Why have a film featuring one superhero when you can have a whole team of them – like the Avengers, the X-men or the Justice League?
Earlier this month, we saw the corporate equivalent when three of the most powerful businesses in America joined forces against a dire threat to the nation.
Derek Thompson of the Atlantic is amazed:
“Amazon, JPMorgan Chase, and Berkshire Hathaway announced on Tuesday that they intend to form a new company that manages health care for their hundreds of thousands of U.S. employees, the idea being that a unified, not-for-profit entity can reduce workers’ expenses.
“The surprising trio of the nation’s largest online retailer, largest bank by assets, and most famous investor (Warren Buffett, the chief executive of Berkshire) riding to the rescue of the beleaguered health system already rocked insurance stocks and thrilled health-care experts who have long dreamed of a technological solution to ‘bend the curve’ of inexorably rising medical costs.”
The immediate interest of the three companies is obvious – reducing the cost of providing healthcare benefits to their combined workforce.

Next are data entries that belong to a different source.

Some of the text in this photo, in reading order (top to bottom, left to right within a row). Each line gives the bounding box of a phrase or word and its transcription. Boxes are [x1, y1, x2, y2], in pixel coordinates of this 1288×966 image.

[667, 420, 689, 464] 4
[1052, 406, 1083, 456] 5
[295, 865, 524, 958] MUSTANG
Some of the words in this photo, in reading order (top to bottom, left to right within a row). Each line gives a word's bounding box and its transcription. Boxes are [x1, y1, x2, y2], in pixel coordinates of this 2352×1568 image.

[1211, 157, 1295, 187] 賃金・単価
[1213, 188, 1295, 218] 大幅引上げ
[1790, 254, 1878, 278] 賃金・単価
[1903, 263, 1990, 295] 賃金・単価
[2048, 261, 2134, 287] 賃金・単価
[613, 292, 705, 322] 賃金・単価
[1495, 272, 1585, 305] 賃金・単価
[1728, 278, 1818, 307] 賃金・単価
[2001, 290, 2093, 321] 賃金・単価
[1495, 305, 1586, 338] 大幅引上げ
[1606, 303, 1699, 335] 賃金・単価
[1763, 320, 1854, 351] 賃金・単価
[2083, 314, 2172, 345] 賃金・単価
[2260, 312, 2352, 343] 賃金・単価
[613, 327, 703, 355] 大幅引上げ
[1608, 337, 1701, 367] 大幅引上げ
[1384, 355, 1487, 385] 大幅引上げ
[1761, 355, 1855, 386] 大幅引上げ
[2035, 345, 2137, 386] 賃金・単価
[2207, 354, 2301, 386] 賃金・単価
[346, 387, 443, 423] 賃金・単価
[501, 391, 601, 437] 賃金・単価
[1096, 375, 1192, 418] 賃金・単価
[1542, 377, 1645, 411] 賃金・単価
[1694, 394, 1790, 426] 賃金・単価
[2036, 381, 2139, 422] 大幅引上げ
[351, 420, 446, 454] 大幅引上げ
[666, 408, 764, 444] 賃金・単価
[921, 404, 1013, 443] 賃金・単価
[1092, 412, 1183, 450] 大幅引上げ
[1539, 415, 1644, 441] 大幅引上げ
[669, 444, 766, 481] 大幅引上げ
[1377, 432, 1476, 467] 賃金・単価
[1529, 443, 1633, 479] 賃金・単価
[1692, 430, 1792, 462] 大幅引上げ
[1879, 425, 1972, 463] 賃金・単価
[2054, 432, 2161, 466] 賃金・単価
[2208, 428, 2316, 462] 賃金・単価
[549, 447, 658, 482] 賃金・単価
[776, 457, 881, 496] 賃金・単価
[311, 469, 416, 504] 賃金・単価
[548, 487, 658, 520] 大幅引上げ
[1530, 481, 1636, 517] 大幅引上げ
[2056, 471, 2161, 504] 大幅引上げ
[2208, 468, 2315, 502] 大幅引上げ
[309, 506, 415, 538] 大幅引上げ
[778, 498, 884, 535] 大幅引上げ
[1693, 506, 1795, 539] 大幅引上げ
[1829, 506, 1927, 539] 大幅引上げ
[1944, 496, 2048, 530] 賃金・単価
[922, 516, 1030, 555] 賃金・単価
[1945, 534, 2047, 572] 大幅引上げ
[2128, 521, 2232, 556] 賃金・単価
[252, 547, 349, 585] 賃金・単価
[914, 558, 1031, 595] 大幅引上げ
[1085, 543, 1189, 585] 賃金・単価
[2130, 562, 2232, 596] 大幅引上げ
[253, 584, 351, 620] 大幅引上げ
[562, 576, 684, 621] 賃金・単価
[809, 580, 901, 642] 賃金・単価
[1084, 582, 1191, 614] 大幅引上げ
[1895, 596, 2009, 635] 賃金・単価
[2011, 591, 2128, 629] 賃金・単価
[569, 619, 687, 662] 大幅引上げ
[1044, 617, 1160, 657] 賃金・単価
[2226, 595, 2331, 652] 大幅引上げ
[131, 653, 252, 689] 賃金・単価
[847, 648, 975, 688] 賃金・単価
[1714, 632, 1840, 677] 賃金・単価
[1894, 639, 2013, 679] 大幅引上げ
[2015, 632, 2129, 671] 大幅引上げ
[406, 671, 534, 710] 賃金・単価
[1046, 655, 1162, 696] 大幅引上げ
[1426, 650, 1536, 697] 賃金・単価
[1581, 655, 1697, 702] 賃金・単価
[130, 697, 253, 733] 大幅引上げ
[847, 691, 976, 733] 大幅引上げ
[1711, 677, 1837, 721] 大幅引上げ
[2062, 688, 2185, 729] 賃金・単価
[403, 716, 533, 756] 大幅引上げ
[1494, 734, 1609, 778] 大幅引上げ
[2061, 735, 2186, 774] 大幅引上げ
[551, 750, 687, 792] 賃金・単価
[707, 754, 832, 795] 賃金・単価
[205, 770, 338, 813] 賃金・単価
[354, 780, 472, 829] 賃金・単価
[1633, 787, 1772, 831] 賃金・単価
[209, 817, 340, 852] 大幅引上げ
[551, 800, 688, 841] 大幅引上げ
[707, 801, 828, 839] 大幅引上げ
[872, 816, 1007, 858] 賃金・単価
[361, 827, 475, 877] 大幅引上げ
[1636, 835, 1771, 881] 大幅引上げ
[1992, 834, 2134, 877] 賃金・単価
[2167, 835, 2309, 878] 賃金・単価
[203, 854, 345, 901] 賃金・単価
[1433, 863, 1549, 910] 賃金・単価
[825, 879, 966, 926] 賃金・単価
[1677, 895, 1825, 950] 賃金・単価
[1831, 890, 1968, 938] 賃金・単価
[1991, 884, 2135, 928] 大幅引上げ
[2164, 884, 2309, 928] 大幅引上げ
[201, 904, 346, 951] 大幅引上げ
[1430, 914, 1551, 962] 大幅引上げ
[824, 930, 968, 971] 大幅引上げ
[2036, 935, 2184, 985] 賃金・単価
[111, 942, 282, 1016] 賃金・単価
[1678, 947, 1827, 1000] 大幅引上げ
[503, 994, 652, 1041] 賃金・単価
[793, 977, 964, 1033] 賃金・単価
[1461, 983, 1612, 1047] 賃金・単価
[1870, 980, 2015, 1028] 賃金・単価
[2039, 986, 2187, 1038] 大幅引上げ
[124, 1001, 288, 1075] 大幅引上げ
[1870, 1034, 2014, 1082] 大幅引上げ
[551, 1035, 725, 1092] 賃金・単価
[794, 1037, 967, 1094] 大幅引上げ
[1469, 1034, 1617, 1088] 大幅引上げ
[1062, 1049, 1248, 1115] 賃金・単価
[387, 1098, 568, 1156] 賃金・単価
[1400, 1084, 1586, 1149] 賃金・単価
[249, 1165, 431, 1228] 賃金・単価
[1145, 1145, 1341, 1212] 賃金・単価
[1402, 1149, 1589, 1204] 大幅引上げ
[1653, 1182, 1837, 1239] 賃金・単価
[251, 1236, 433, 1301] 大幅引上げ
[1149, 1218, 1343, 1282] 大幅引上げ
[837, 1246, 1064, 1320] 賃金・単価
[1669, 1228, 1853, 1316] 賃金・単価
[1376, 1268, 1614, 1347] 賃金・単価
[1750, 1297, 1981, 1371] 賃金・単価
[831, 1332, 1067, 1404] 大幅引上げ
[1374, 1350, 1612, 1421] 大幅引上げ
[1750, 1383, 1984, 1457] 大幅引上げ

But if they succeed in developing a new and much cheaper healthcare model, the opportunities for expansion are clear and will hardly be lost on a company like Amazon.
Though the announcement was light on detail, it made a heavy impact on the markets:
“Across the economy, Amazon has become a kind of deflationary Death Star, so well-known for its high-volume, low-profit model that stocks plummet in every sector it threatens to enter. Indeed, within minutes of the announcement, shares fell for pharmacy managers and drugmakers.”
“Deflationary Death Star” is a brilliant turn of phrase, though one more suggestive of villainy than heroism. But if any one business can reorganise an entire sector of the economy, to eliminate the friction between its working parts, then it’s Amazon. As Nigel Cameron says the opportunity for market disruption is huge.
One might venture that Amazon (and its partners) are doing to the American health care system what the National Health Service did to the British health care system in the post-war period – i.e. bring a vast array of divergent interests under one roof to align incentives and squeeze out costs.